• _YOUR GOAL_: Output the line that contains "this 1600×1067 image." and each line after it in the listing, exactly as they appear, through the very last line.

• _EXTRACTED INFORMATION_:

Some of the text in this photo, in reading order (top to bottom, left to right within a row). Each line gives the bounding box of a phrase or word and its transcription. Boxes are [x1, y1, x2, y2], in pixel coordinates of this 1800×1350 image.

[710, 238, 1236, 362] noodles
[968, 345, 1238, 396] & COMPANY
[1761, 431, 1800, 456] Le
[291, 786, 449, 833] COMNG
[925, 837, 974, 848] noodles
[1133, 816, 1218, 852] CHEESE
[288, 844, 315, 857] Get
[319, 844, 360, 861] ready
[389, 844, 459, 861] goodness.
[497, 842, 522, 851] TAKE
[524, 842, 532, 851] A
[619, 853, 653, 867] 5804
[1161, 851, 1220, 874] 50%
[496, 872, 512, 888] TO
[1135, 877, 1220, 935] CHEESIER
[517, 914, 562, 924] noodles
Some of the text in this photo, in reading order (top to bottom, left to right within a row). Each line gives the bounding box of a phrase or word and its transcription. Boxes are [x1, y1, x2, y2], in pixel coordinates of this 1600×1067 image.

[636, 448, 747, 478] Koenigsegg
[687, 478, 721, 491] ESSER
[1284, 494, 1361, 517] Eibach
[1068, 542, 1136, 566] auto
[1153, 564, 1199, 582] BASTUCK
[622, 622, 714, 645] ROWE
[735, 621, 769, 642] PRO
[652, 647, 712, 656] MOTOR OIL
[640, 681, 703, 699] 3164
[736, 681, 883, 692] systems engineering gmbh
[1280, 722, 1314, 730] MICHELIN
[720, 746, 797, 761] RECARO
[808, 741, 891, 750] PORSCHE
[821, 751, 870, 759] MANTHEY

• _COMPLETED TASK_:
Some of the text in this photo, in reading order (top to bottom, left to right within a row). Each line gives the bounding box of a phrase or word and its transcription. Boxes are [x1, y1, x2, y2], in pixel coordinates of this 1600×1067 image.

[636, 448, 747, 478] Koenigsegg
[687, 478, 721, 491] ESSER
[1284, 494, 1361, 517] Eibach
[1068, 542, 1136, 566] auto
[1153, 564, 1199, 582] BASTUCK
[622, 622, 714, 645] ROWE
[735, 621, 769, 642] PRO
[652, 647, 712, 656] MOTOR OIL
[640, 681, 703, 699] 3164
[736, 681, 883, 692] systems engineering gmbh
[1280, 722, 1314, 730] MICHELIN
[720, 746, 797, 761] RECARO
[808, 741, 891, 750] PORSCHE
[821, 751, 870, 759] MANTHEY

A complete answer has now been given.